Picture of the leaves from the website is all wrong… These are very green leaves with yellow veins. Very long, intact twisted leaves that can’t fit in even a very shallow tablespoon, let alone a teaspoon.
Dry fragrance is pleasantly floral and lightly nutty (more akin to pumpkin seed than almond, though).
Wet leaf aroma hits almond on the head, but not the nut. The wet leaves give off a heady perfume of an almond tree orchard in full bloom. A truly wonderful aroma I associate with warm evening breezes in the Central Valley (one of the very few pleasant aromas to come from the agriculture there, really).
Liquor aroma holds true to the wet leaf aroma – now how rare is that? Usually the lid of the gaiwan can give a good preview to an infusion’s aromatic expression, but the leaves tell a totally different tale.

First infusion (5sec):
Moderate body.
Crisp and woody – oaky Chardonnay.
All flavor in front of mouth. Somewhat citrusy – pomelo skin. Flowery aroma fills mouth. Bullrush nose.

Second infusion (5sec):
Mouthwatering.
Sandalwood resolving to incense cedar then balsa in aftertaste.
Brief but significant boysenberry sweetness associated with level of aeration for each slurp.

Third infusion (10sec):
Light forward astringency.
Persimmon flavor and aroma.
Lingering dried adobe brick-like mineral undertaste.
Woodiness stuck on balsa.
Crazy perfumey spicy afteraroma (between thyme and hops) and stevia sweetness pops up a minute or so after final draught.

Fourth infusion (10sec):
Much more intense – tannic.
Kind of a rust-like metal and peach pit tang.
Grape skin astringency.
Refreshing lingering crispness similar to taste of cool fog over a gravel road or the air right after it has finished raining on concrete.

Fifth infusion (15sec):
White rice, cinnamon, and a touch of muscovado sugar.
Dry grassland toasty character.
An oddly pleasant characteristic of blackened grilled whitefish.
Stevia-sweet late returning aftertaste from third infusion is present here as well.

Sixth infusion (20sec):
Vegetal overall.
Snappy astringency and light lemony character very similar to eating young Douglas-fir tips.
Yellow nectarine skin tangy taste.
Taste of sucking on a raw almond (with skin intact) – starts lightly toasty-woody and turns to lightly sweet and nutty.
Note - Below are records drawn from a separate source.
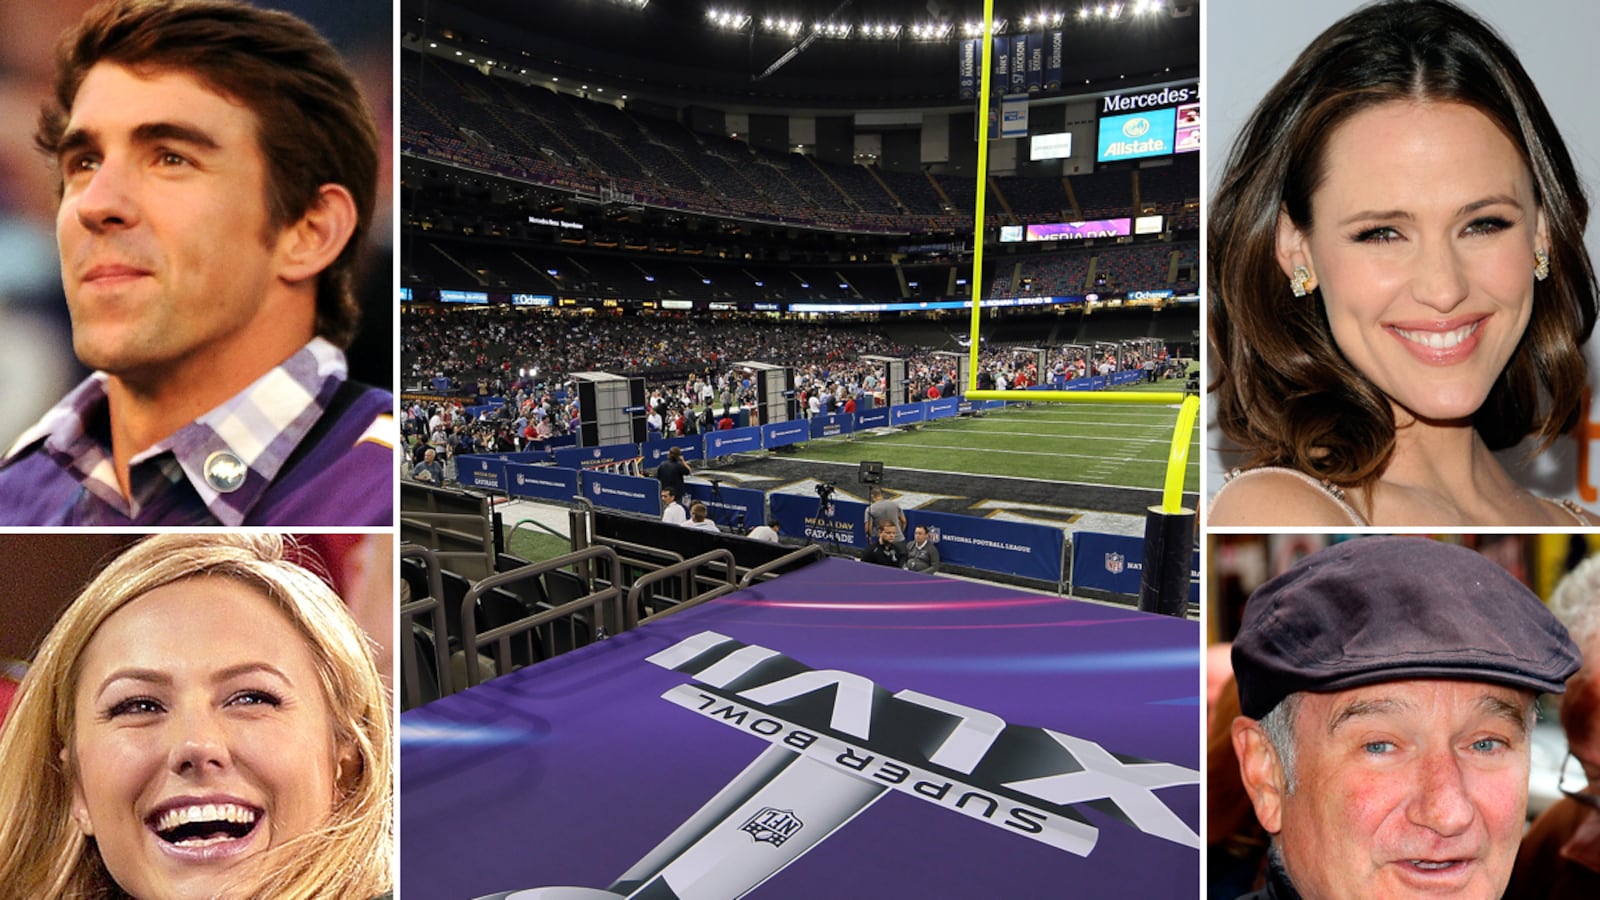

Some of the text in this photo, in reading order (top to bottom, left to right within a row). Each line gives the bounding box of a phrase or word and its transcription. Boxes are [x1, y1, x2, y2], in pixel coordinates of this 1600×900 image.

[964, 43, 974, 77] MANNING
[1016, 41, 1025, 72] JACKSON
[1033, 48, 1041, 71] DIXON
[1053, 32, 1062, 69] ROBINSON
[804, 516, 855, 530] MEDA DAY
[942, 534, 1031, 553] NATIONAL FOOTBALL LEAGUE
[645, 630, 1200, 850] XLVII
[698, 693, 1047, 834] SUPER BOWL
[761, 811, 799, 835] NFL
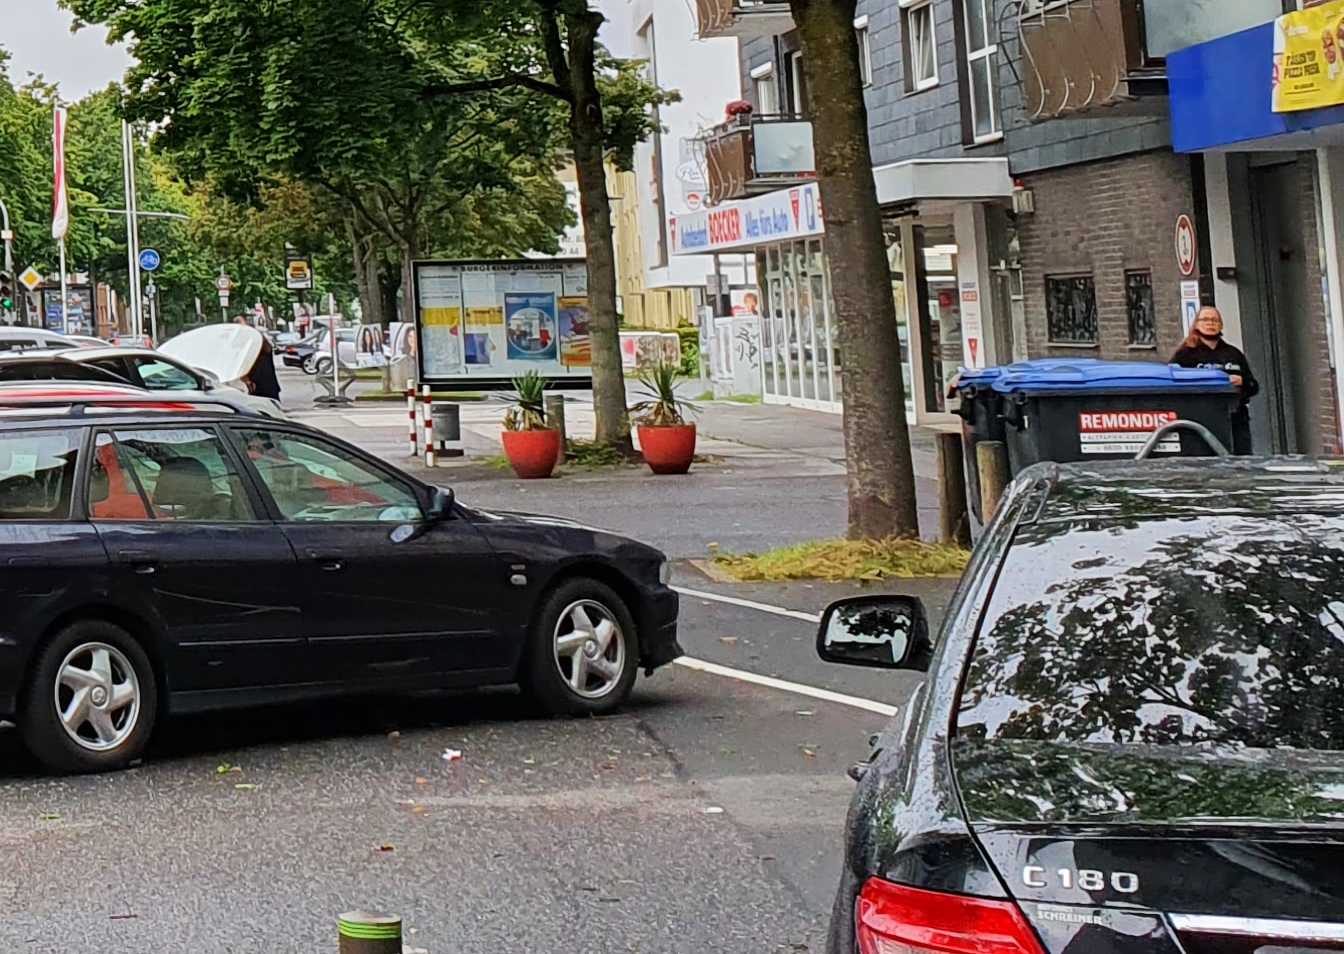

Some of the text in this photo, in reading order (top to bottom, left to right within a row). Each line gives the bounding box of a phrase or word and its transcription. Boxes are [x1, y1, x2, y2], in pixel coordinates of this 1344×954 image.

I could get a few more infusions out of this (prolly three more good’uns) but it’s late and I’ve gotta work tomorrow.
Pretty darn vegetal example of a Phoenix Oolong. It’s muted a bit since I first bought it, but in a good way. Takes a while for anything resembling almond nuts to pop up in the characteristics of this tea, but the aroma of almond blossoms starts off heady and sticks as a background character in the nose throughout the brews. Really good tea and it keeps shifting nicely. Can be a bit intense, but short brews help out in this regard. I’m kinda doubting that what is being sold on the Teance website is Winter 2010 like it’s labeled, since it’s left their listing and come back since then. What I’m drinking here I bought last year in late winter and the bag was stamped as “new harvest” so I am thinking there might be a website mistake. Either way, it’s changed since I got it but it’s still very good.

Preparation
195 °F / 90 °C 0 min, 15 sec
Kashyap

pure tea porn…awesome!

Spoonvonstup

Mm.. boysenberry is a word I’ve been looking for describe Dan Cong lately. A friend of mine just sent over a bundle of Dan Cong as a gift for Chinese new year, and some Xin Ren Xiang made it into my gaiwan just this weekend. I am pleased to see the style available elsewhere, as I loved the small sampling.
Definitely with you on the double-stuffed gaiwan approach. It is thrilling, and oftentimes one of the most rewarding types of tea sessions. I’ve also been finding myself drawn towards tea (in general) with long and dynamic steep-lives.
Loving your notes. Glad to see you back.

Geoffrey

Really great notes, Thomas! I’ve been tasting a superb array of dancong samples at work, which we asked our sourcing agent in China to assemble and send to us recently. The orignal plan was to select one more dancong to add to our offerings, but the quality of the samples across the twenty or so varieties we received has been too high to make one choice a realistic possibility. So the idea of choosing one grew into choosing only three more to carry in the near future, and even that has been a bit painful. A Xing Ren Xiang has been one of the prime candidates, the other two being a Tong Tien Xiang and a Bai Ye.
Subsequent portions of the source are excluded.